Cardiac surgery patients who were randomized to chlorhexidine had few lower respiratory tract infections

Conclusion

Routine oral care using chlorhexidine can prevent infections of the lower respiratory tract in both cardiac and non-cardiac patients. For patients on mechanical ventilation, chlorhexidine is the gold standard of care that reduces the risk s of VAP with good patient-centered outcomes.
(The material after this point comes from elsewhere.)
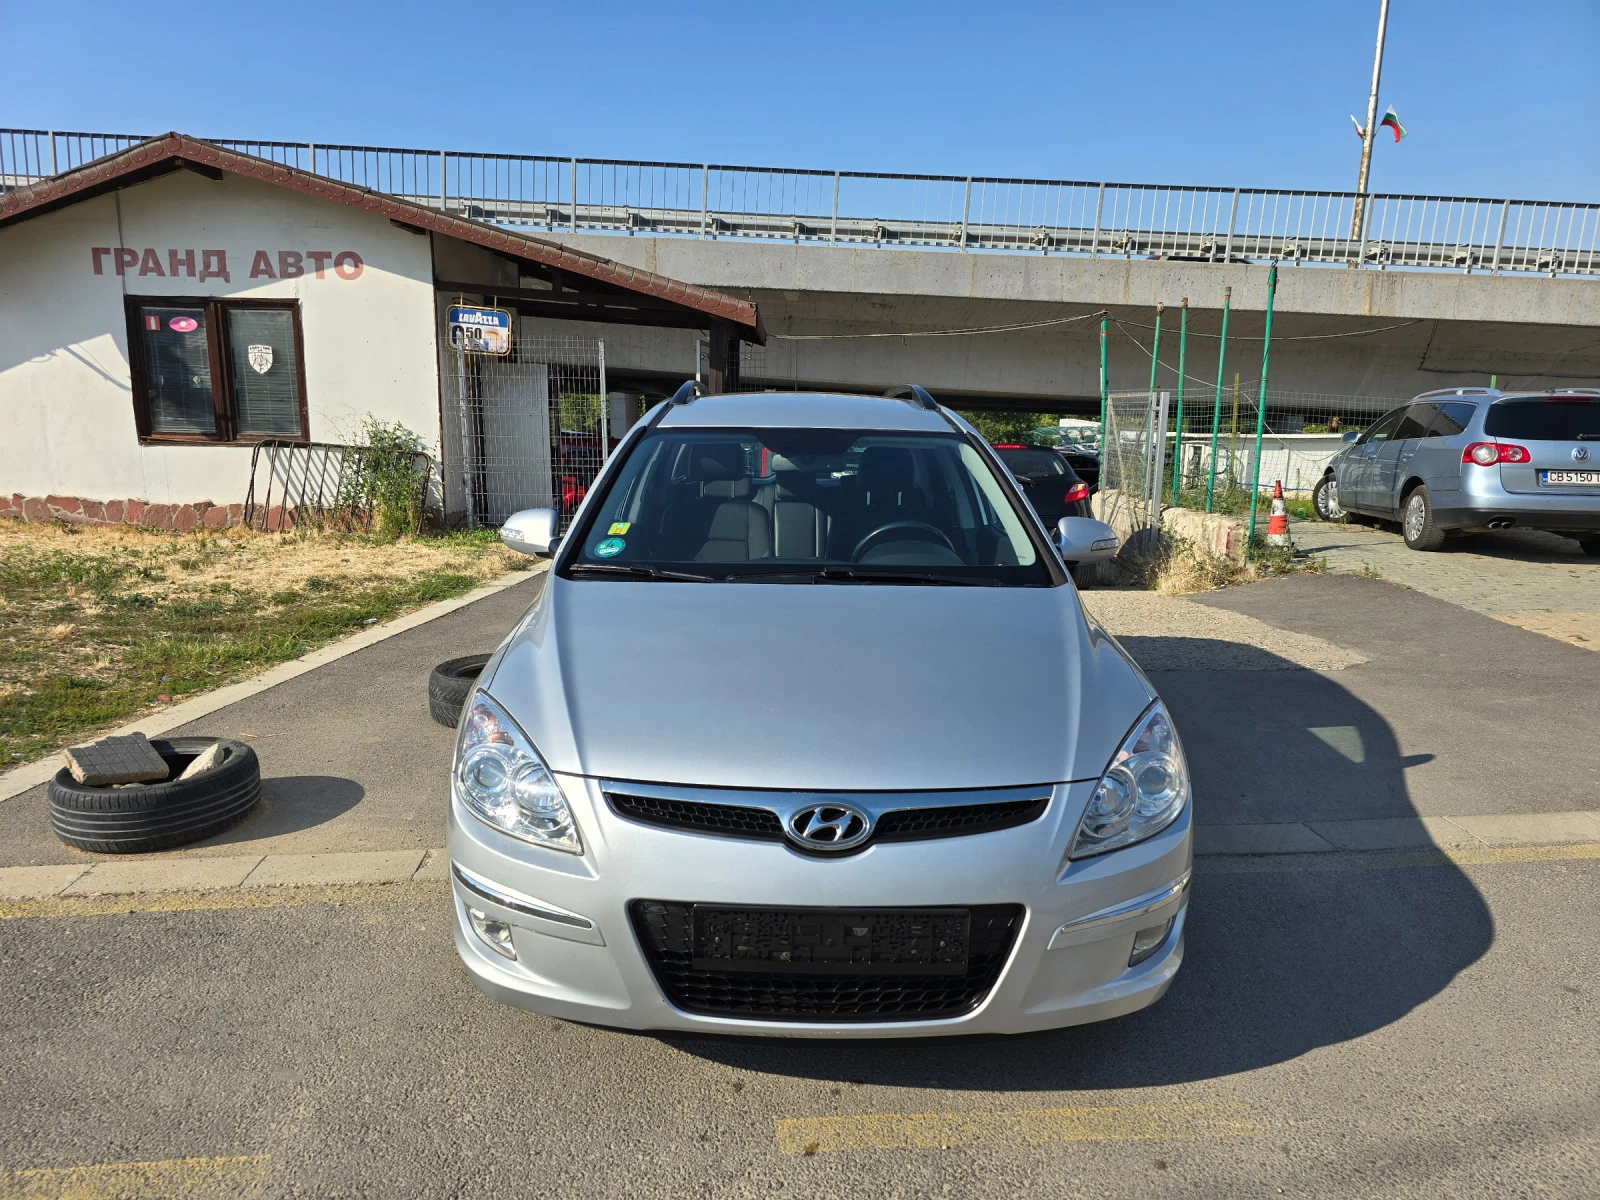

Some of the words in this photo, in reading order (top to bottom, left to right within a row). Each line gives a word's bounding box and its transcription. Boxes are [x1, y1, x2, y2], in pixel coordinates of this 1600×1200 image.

Ventilator Associated Pneumonia (VAP) PICOT Systematic Review.

Implications to Nursing Practice

ICU patients under mechanical intubation should receive routine oral care using chlorhexidine to prevent VAP. Policies on the similar routines that encourage oral care using chlorhexidine should also be implemented in clinical settings,

PICOT Statement

            Among Intubated patients aged 40 years or older in  ICU settings (P) how does using oral 0.2% Chlorhexidine 8 hourly (I) compared to using normal saline (C) reduce the risk of Ventilator-Associated Pneumonia (O) during hospitalization(T)?

 

References

Klompas, M., Speck, K., Howell, M. D., Greene, L. R., & Berenholtz, S. M. (2014). Reappraisal of routine oral care with chlorhexidine gluconate for patients receiving mechanical ventilation: systematic review and meta-analysis. JAMA internal medicine174(5), 751-761. Ventilator Associated Pneumonia (VAP) PICOT Systematic Review.